▸ Problem requirements
The required output is the line with "this 1920×1440 image." through the final line of the entries, each one exactly as it stands.
══════════════════════════════
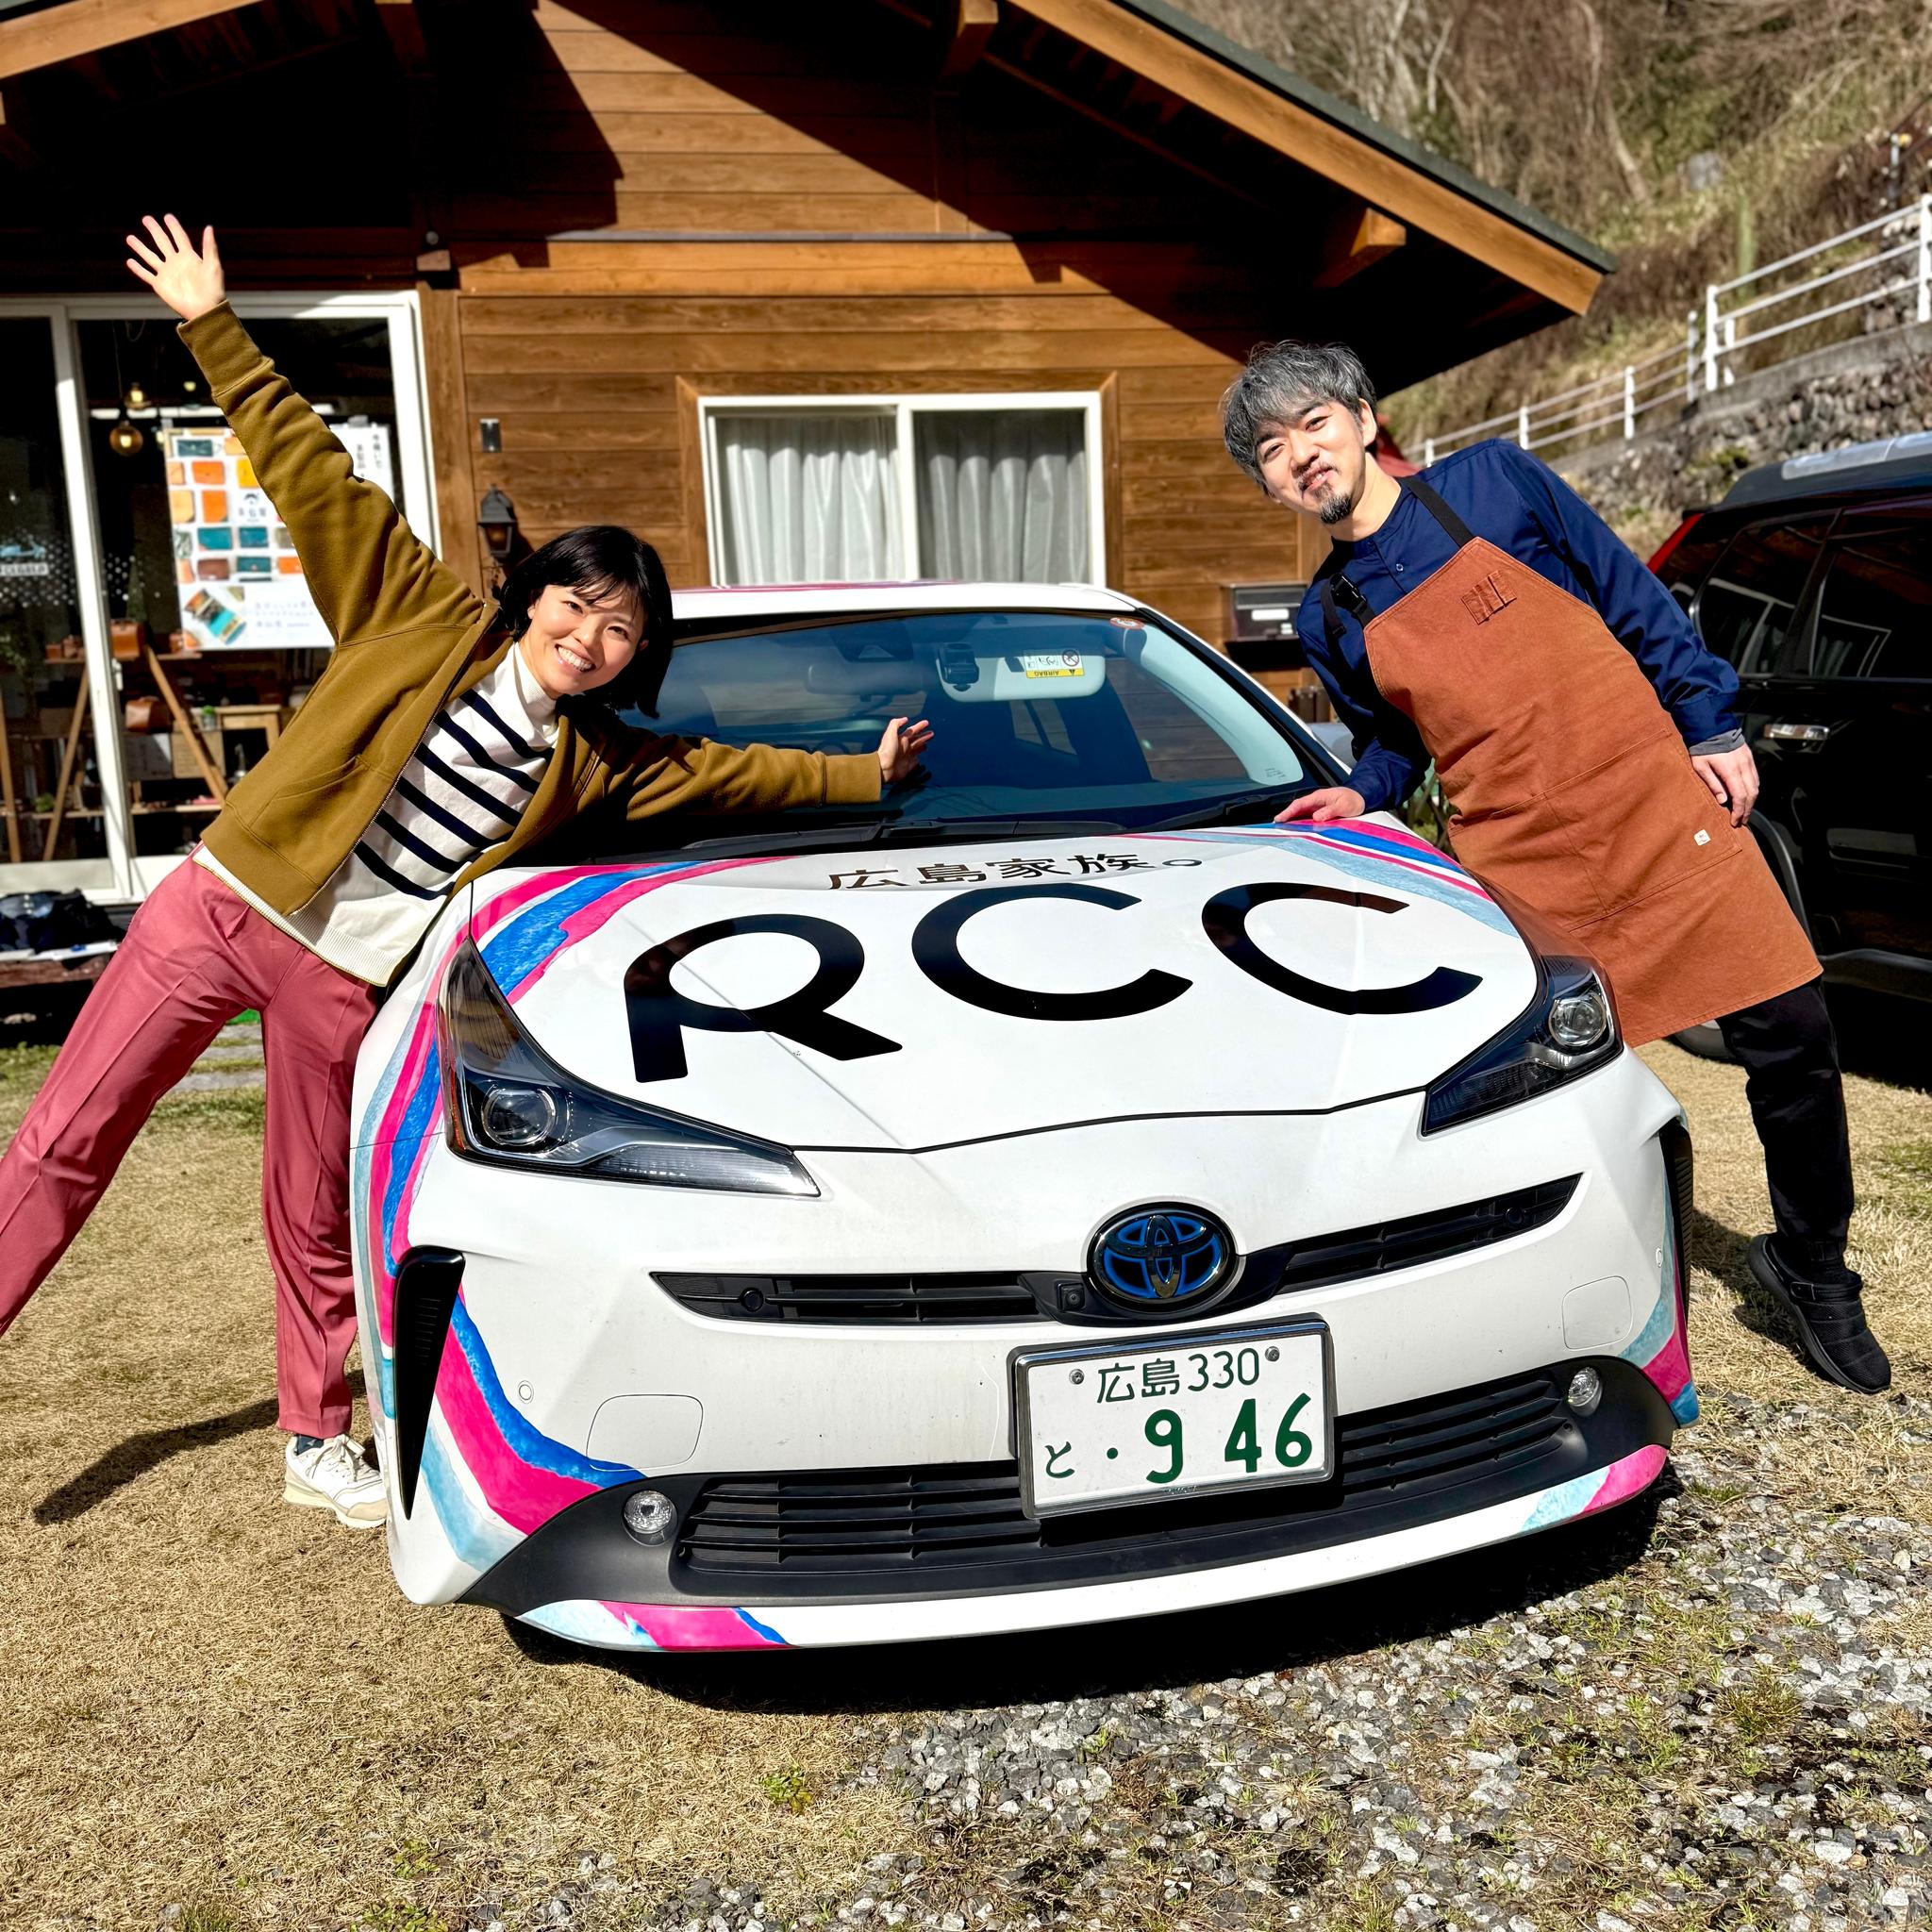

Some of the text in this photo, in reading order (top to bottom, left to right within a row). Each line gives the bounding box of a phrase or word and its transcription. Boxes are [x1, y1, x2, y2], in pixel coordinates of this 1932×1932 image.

[828, 853, 1203, 891] 広島家族。
[623, 882, 1483, 1083] RCC
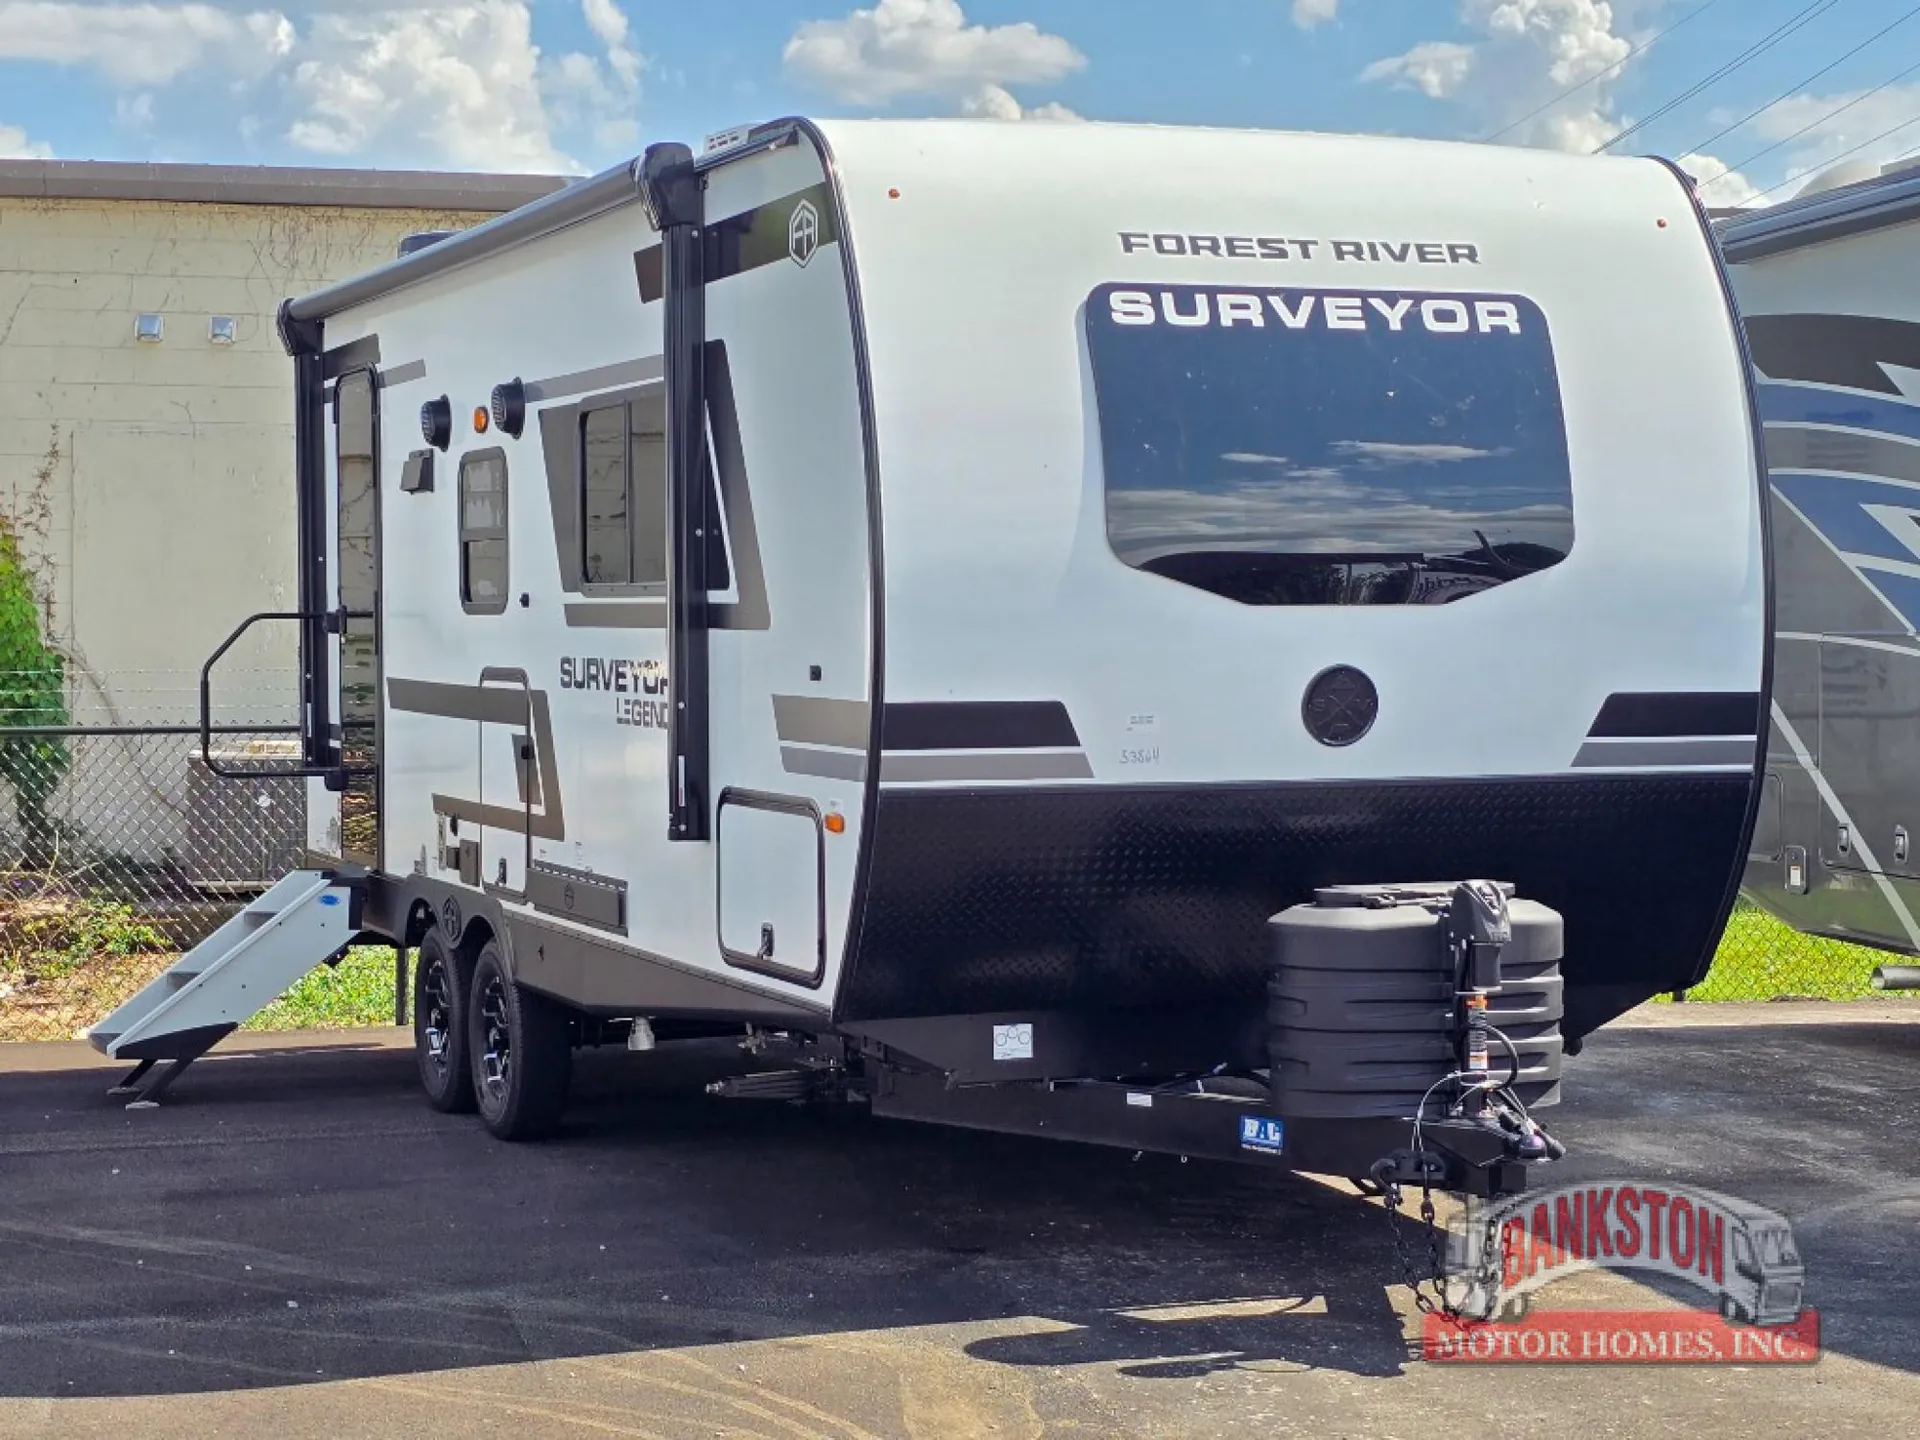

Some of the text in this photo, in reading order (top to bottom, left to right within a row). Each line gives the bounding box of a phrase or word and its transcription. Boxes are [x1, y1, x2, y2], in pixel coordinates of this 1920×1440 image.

[1118, 231, 1481, 265] FOREST RIVER
[1109, 290, 1521, 335] SURVEYOR
══════════════════════════════
▸ Result of this task
Some of the text in this photo, in reading order (top to bottom, left to right within a row). Each line gives the bounding box of a phrase or word and its transcription. Boxes are [x1, y1, x2, y2], in pixel coordinates of this 1920×1440 image.

[1118, 231, 1481, 265] FOREST RIVER
[1109, 290, 1521, 335] SURVEYOR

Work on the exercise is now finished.